- Instructions for the task
Copy all the entries word for word, but omit the pictures.

[Opening Provided material section]

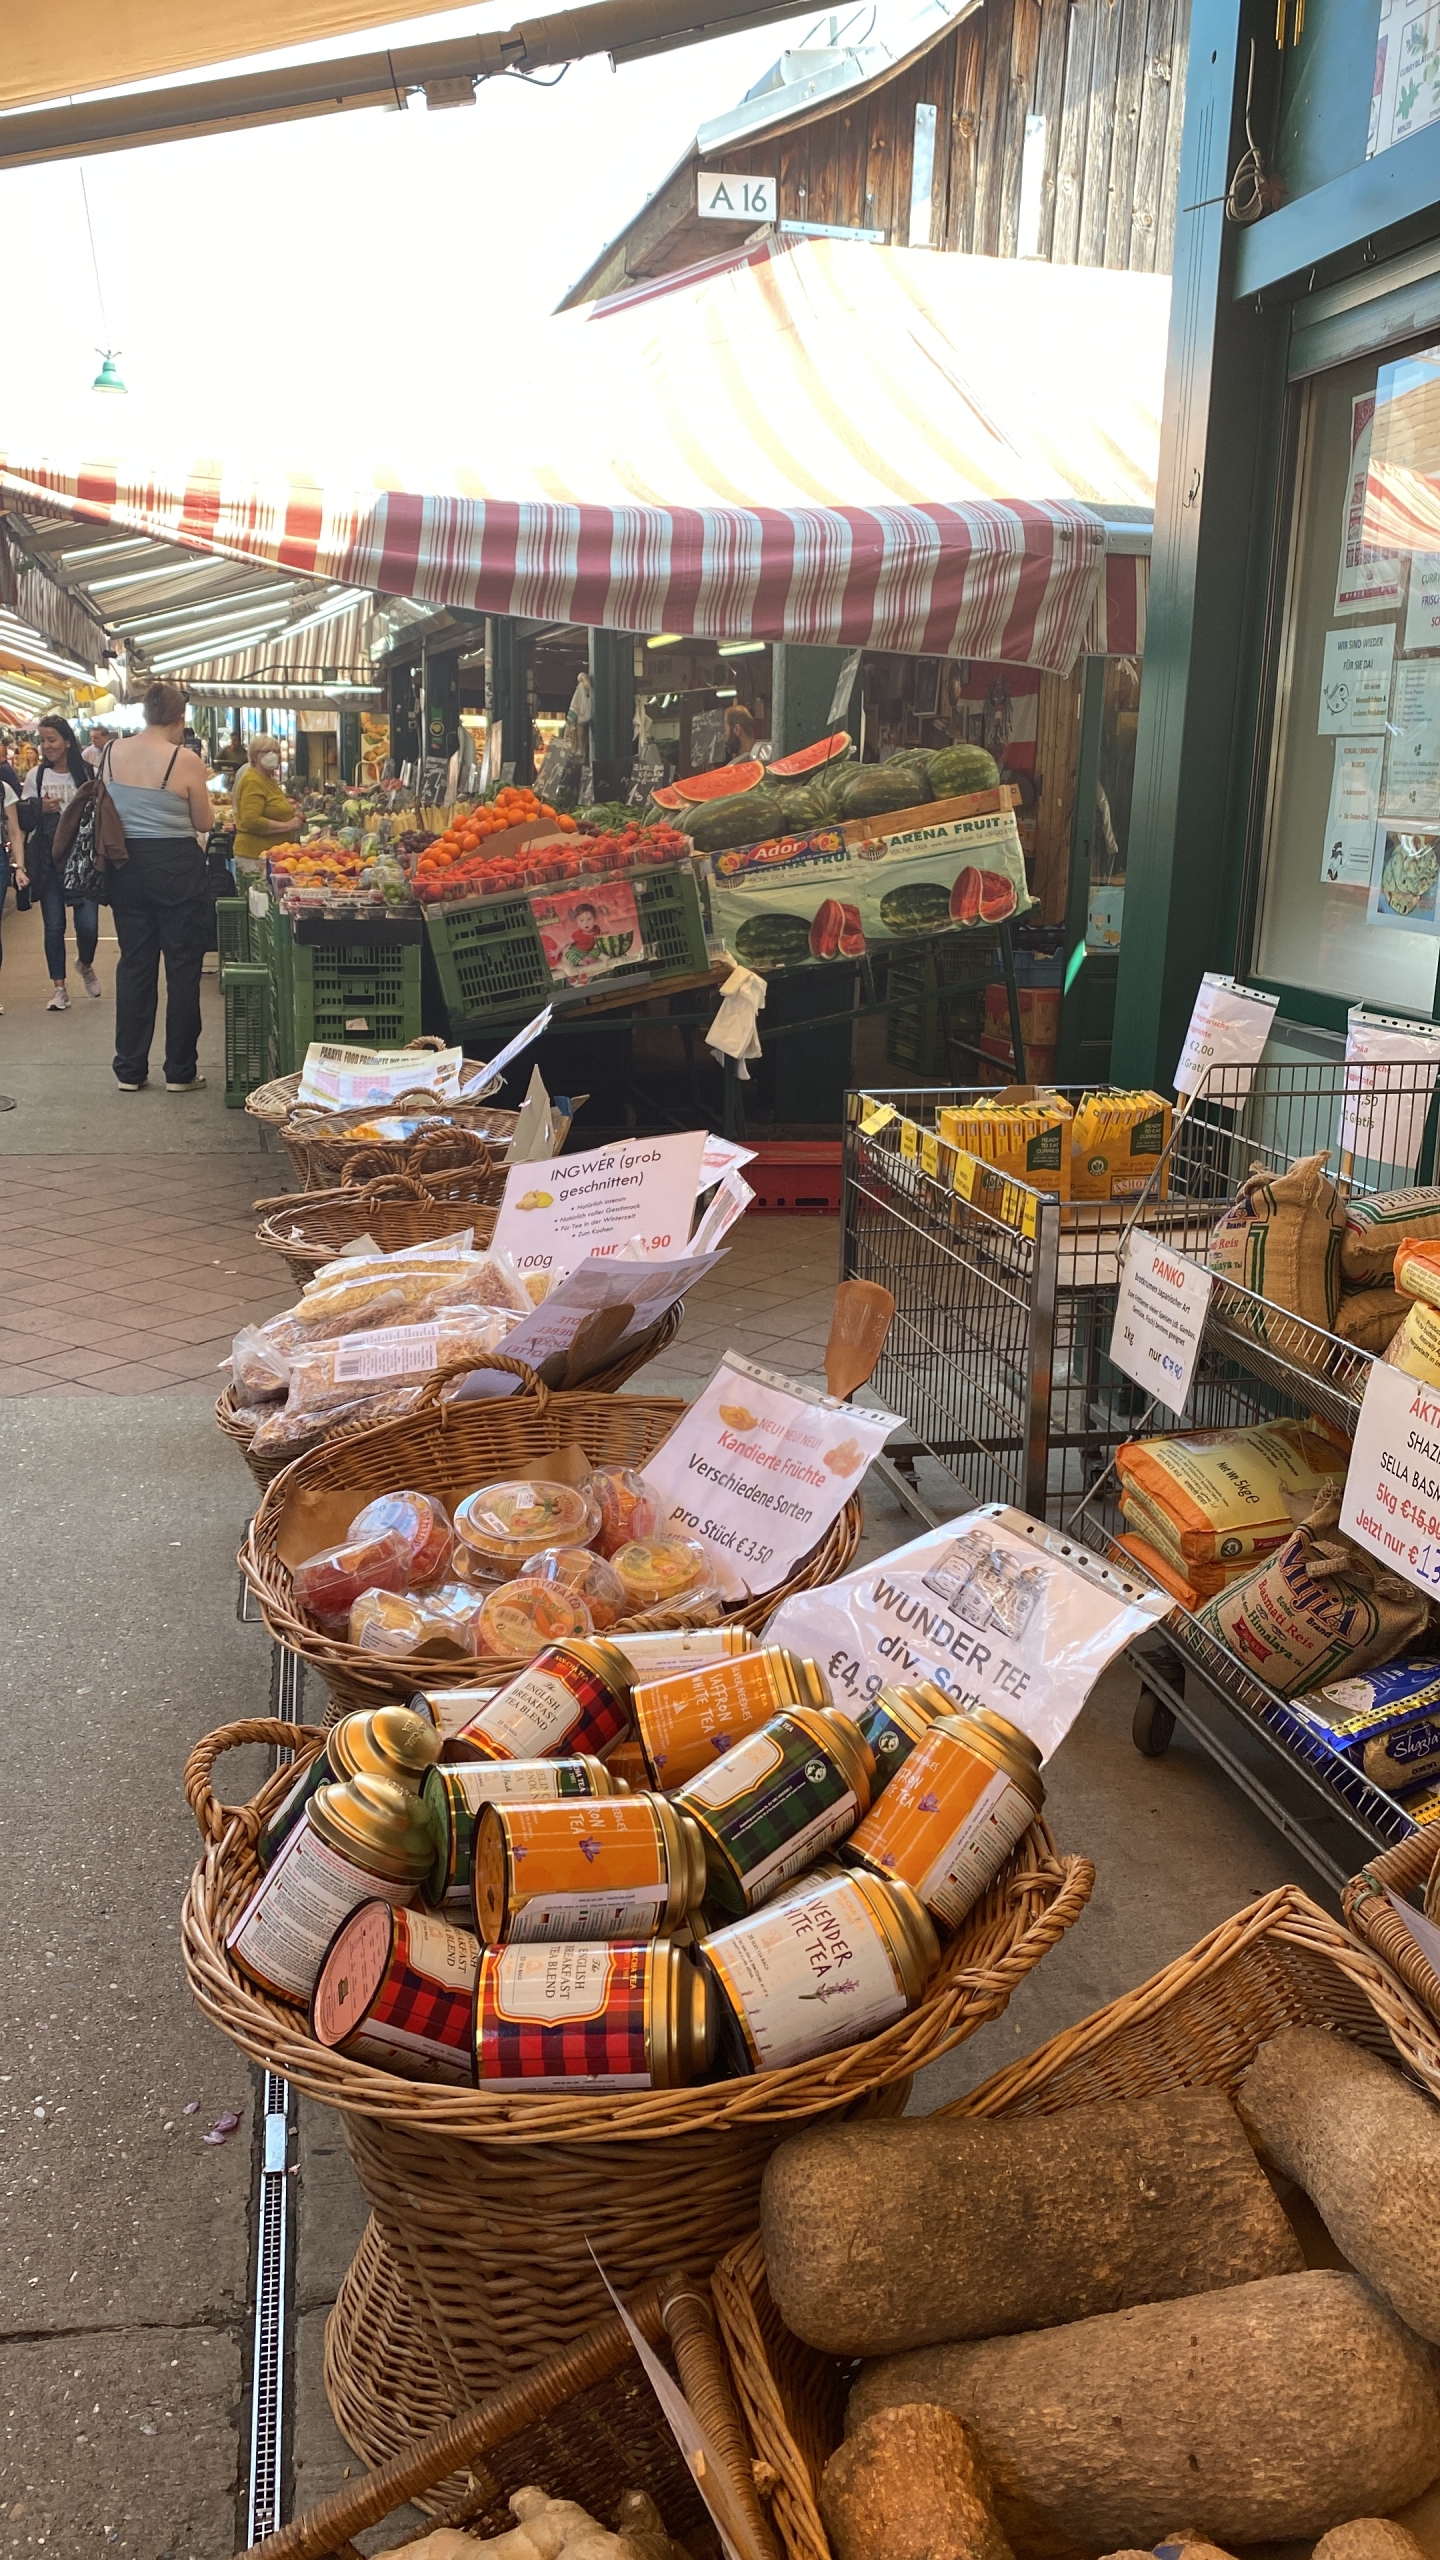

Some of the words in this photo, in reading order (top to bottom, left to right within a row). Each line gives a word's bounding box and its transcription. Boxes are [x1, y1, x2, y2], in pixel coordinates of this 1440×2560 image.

[709, 181, 734, 210] A
[743, 183, 767, 213] 16
[1338, 641, 1348, 651] WIR
[1349, 639, 1362, 649] SIND
[1363, 637, 1384, 648] WIEDER
[1343, 659, 1354, 671] FÜR
[1355, 660, 1363, 670] SIE
[890, 827, 949, 847] ARENA
[954, 817, 1001, 835] FRUIT
[754, 842, 803, 860] Ador
[890, 846, 911, 856] VERONA
[343, 1051, 360, 1064] FOOD
[359, 1055, 389, 1066] PRODUCTS
[1185, 1058, 1205, 1074] Grati
[1349, 1112, 1375, 1129] Gatis
[550, 1157, 615, 1182] INGWER
[619, 1149, 661, 1170] (grob
[559, 1171, 645, 1201] geschnitten)
[560, 1213, 586, 1223] Natürlich
[587, 1209, 604, 1217] voller
[605, 1203, 641, 1214] Geschmack
[577, 1199, 603, 1210] Natürlich
[603, 1213, 636, 1223] Winterzeit
[591, 1226, 614, 1234] Kochen
[1226, 1221, 1247, 1230] Brand
[516, 1254, 553, 1269] 100g
[590, 1243, 619, 1257] nur
[1218, 1238, 1239, 1249] Reis
[1151, 1257, 1185, 1288] PANKO
[1135, 1272, 1158, 1293] Brotkrumen
[1182, 1303, 1191, 1314] Art
[1124, 1325, 1135, 1346] 1kg
[1148, 1346, 1162, 1363] nur
[717, 1430, 782, 1473] Kandierte
[781, 1457, 826, 1488] Früchte
[1380, 1451, 1408, 1483] SELLA
[688, 1453, 774, 1509] Verschiedene
[773, 1495, 813, 1524] Sorten
[1216, 1461, 1230, 1473] Net
[1234, 1479, 1252, 1497] 5kg
[1376, 1482, 1398, 1515] 5kg
[669, 1505, 700, 1528] pro
[699, 1520, 736, 1551] Stück
[1356, 1509, 1383, 1541] Jetzt
[1383, 1530, 1406, 1556] nur
[549, 1603, 567, 1615] DICE
[1258, 1578, 1287, 1625] Basmati
[1286, 1623, 1314, 1649] Reis
[872, 1578, 992, 1675] WUNDER
[992, 1659, 1031, 1700] TEE
[1248, 1610, 1294, 1660] Himalaya
[1306, 1617, 1333, 1639] Brand
[877, 1635, 920, 1678] div.
[578, 1669, 589, 1682] TEA
[692, 1675, 710, 1706] WHITE
[511, 1688, 558, 1725] BREAKFAST
[525, 1682, 561, 1711] ENGLISH
[708, 1673, 733, 1722] SAFFRON
[736, 1686, 753, 1722] NEEDLES
[505, 1696, 519, 1710] TEA
[520, 1706, 548, 1732] BLEND
[699, 1708, 716, 1734] TEA
[782, 1721, 795, 1733] TEA
[1394, 1732, 1439, 1757] Shazia
[1412, 1761, 1437, 1775] OMNI
[577, 1777, 586, 1794] TEA
[896, 1790, 916, 1809] TEA
[569, 1813, 586, 1835] TEA
[444, 1932, 456, 1967] BLEND
[549, 1945, 561, 1960] TEA
[805, 1937, 833, 1978] TEA
[545, 1960, 559, 1999] BLEND
[559, 1944, 576, 2000] BREAKFAST
[574, 1948, 589, 1990] ENGLISH
[628, 1972, 639, 1990] TEA
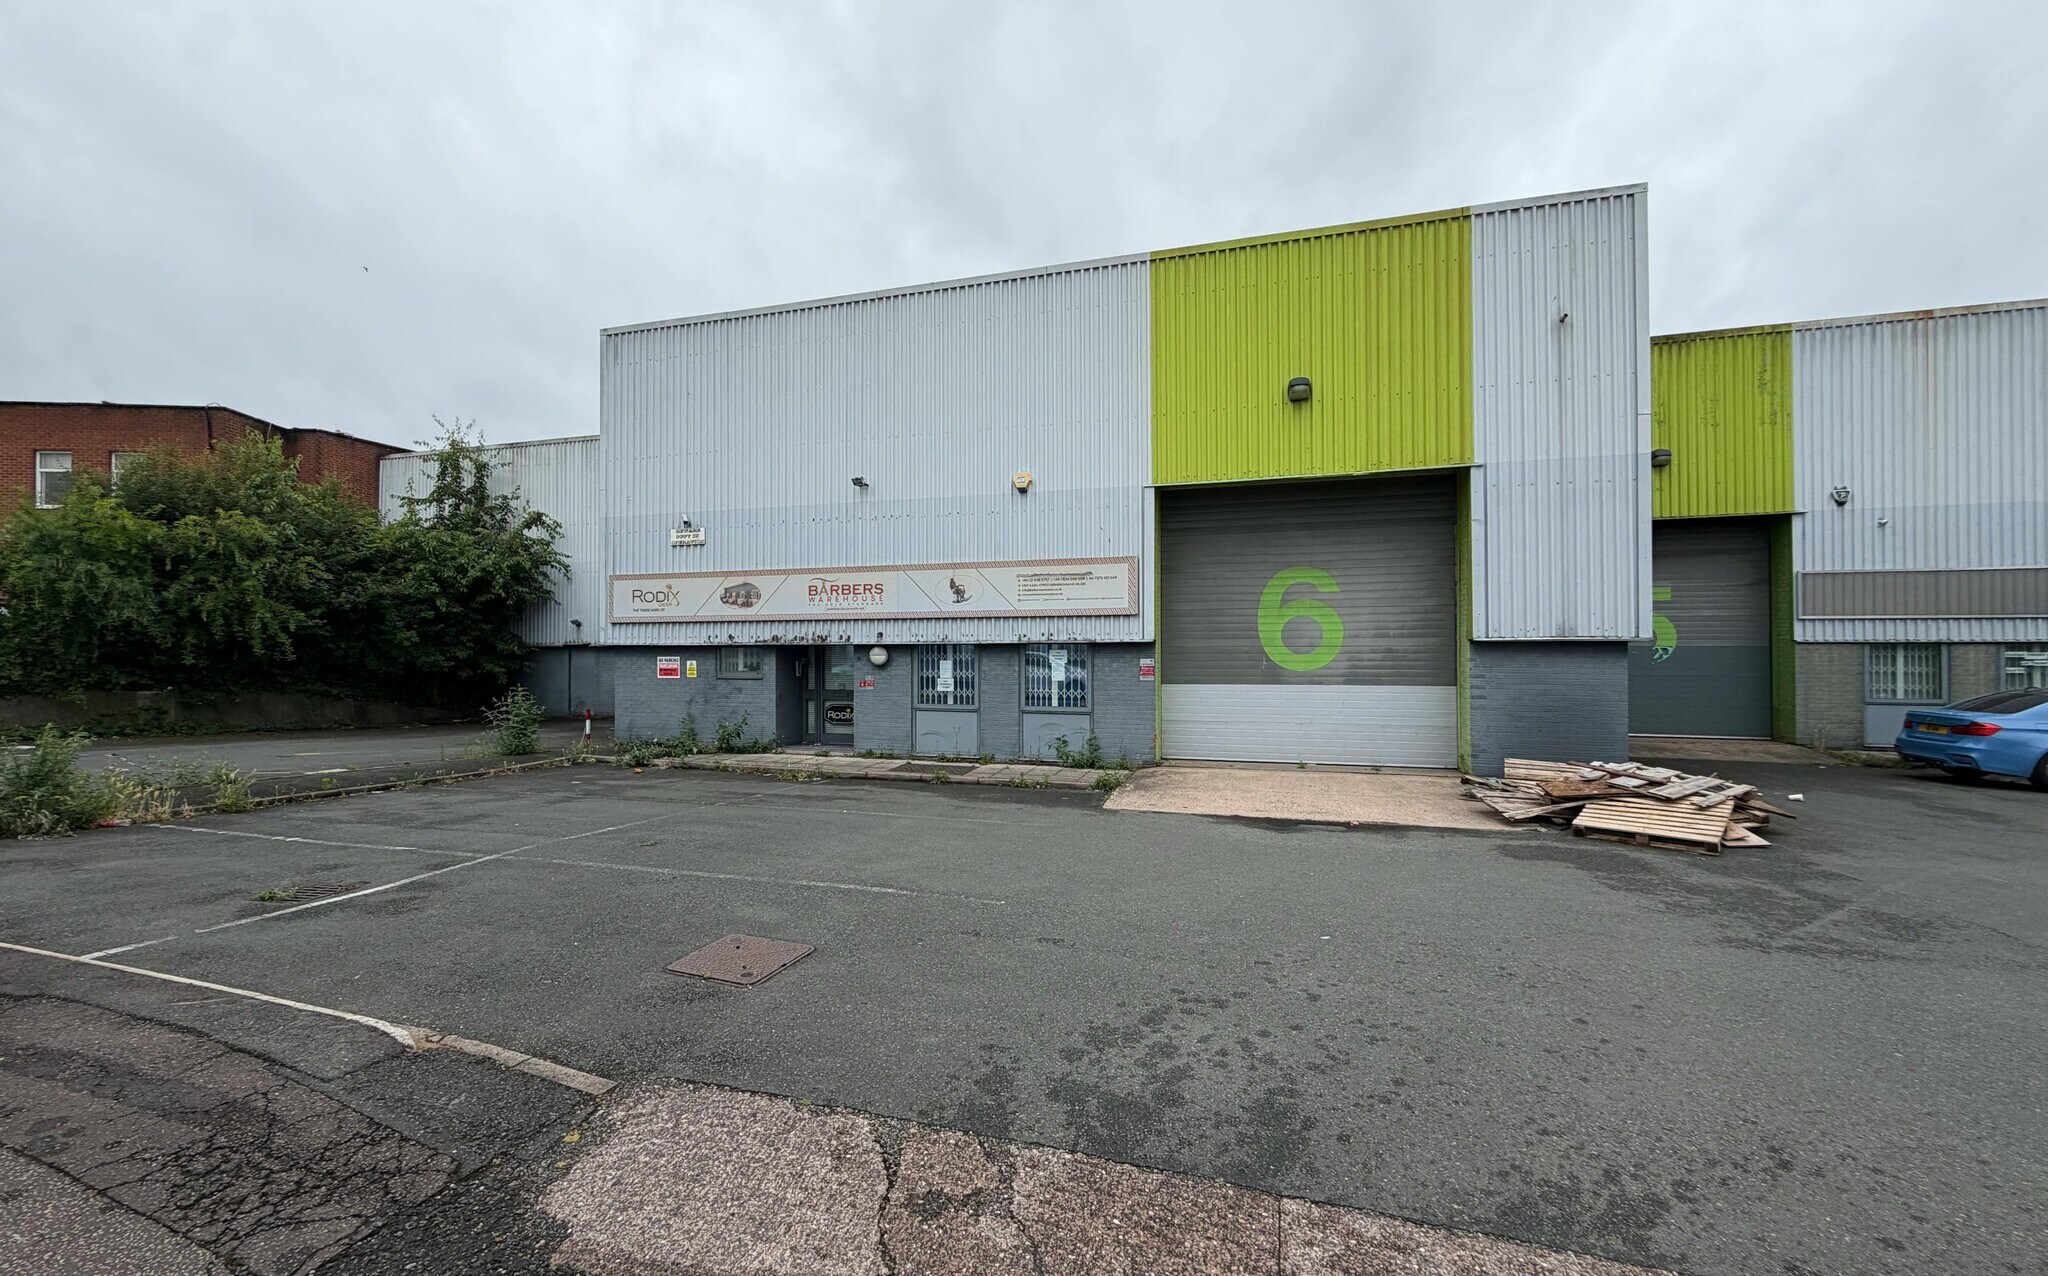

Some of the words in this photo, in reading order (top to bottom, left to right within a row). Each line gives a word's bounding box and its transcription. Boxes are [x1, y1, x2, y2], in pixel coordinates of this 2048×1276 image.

[808, 580, 884, 596] BARBERS
[808, 595, 884, 603] WAREHOUSE
[1257, 566, 1344, 672] 6

[Closing Provided material section]

- Exercise output
Some of the words in this photo, in reading order (top to bottom, left to right within a row). Each line gives a word's bounding box and its transcription. Boxes are [x1, y1, x2, y2], in pixel coordinates of this 1440×2560 image.

[709, 181, 734, 210] A
[743, 183, 767, 213] 16
[1338, 641, 1348, 651] WIR
[1349, 639, 1362, 649] SIND
[1363, 637, 1384, 648] WIEDER
[1343, 659, 1354, 671] FÜR
[1355, 660, 1363, 670] SIE
[890, 827, 949, 847] ARENA
[954, 817, 1001, 835] FRUIT
[754, 842, 803, 860] Ador
[890, 846, 911, 856] VERONA
[343, 1051, 360, 1064] FOOD
[359, 1055, 389, 1066] PRODUCTS
[1185, 1058, 1205, 1074] Grati
[1349, 1112, 1375, 1129] Gatis
[550, 1157, 615, 1182] INGWER
[619, 1149, 661, 1170] (grob
[559, 1171, 645, 1201] geschnitten)
[560, 1213, 586, 1223] Natürlich
[587, 1209, 604, 1217] voller
[605, 1203, 641, 1214] Geschmack
[577, 1199, 603, 1210] Natürlich
[603, 1213, 636, 1223] Winterzeit
[591, 1226, 614, 1234] Kochen
[1226, 1221, 1247, 1230] Brand
[516, 1254, 553, 1269] 100g
[590, 1243, 619, 1257] nur
[1218, 1238, 1239, 1249] Reis
[1151, 1257, 1185, 1288] PANKO
[1135, 1272, 1158, 1293] Brotkrumen
[1182, 1303, 1191, 1314] Art
[1124, 1325, 1135, 1346] 1kg
[1148, 1346, 1162, 1363] nur
[717, 1430, 782, 1473] Kandierte
[781, 1457, 826, 1488] Früchte
[1380, 1451, 1408, 1483] SELLA
[688, 1453, 774, 1509] Verschiedene
[773, 1495, 813, 1524] Sorten
[1216, 1461, 1230, 1473] Net
[1234, 1479, 1252, 1497] 5kg
[1376, 1482, 1398, 1515] 5kg
[669, 1505, 700, 1528] pro
[699, 1520, 736, 1551] Stück
[1356, 1509, 1383, 1541] Jetzt
[1383, 1530, 1406, 1556] nur
[549, 1603, 567, 1615] DICE
[1258, 1578, 1287, 1625] Basmati
[1286, 1623, 1314, 1649] Reis
[872, 1578, 992, 1675] WUNDER
[992, 1659, 1031, 1700] TEE
[1248, 1610, 1294, 1660] Himalaya
[1306, 1617, 1333, 1639] Brand
[877, 1635, 920, 1678] div.
[578, 1669, 589, 1682] TEA
[692, 1675, 710, 1706] WHITE
[511, 1688, 558, 1725] BREAKFAST
[525, 1682, 561, 1711] ENGLISH
[708, 1673, 733, 1722] SAFFRON
[736, 1686, 753, 1722] NEEDLES
[505, 1696, 519, 1710] TEA
[520, 1706, 548, 1732] BLEND
[699, 1708, 716, 1734] TEA
[782, 1721, 795, 1733] TEA
[1394, 1732, 1439, 1757] Shazia
[1412, 1761, 1437, 1775] OMNI
[577, 1777, 586, 1794] TEA
[896, 1790, 916, 1809] TEA
[569, 1813, 586, 1835] TEA
[444, 1932, 456, 1967] BLEND
[549, 1945, 561, 1960] TEA
[805, 1937, 833, 1978] TEA
[545, 1960, 559, 1999] BLEND
[559, 1944, 576, 2000] BREAKFAST
[574, 1948, 589, 1990] ENGLISH
[628, 1972, 639, 1990] TEA

Some of the words in this photo, in reading order (top to bottom, left to right within a row). Each line gives a word's bounding box and its transcription. Boxes are [x1, y1, x2, y2], in pixel coordinates of this 2048×1276 image.

[808, 580, 884, 596] BARBERS
[808, 595, 884, 603] WAREHOUSE
[1257, 566, 1344, 672] 6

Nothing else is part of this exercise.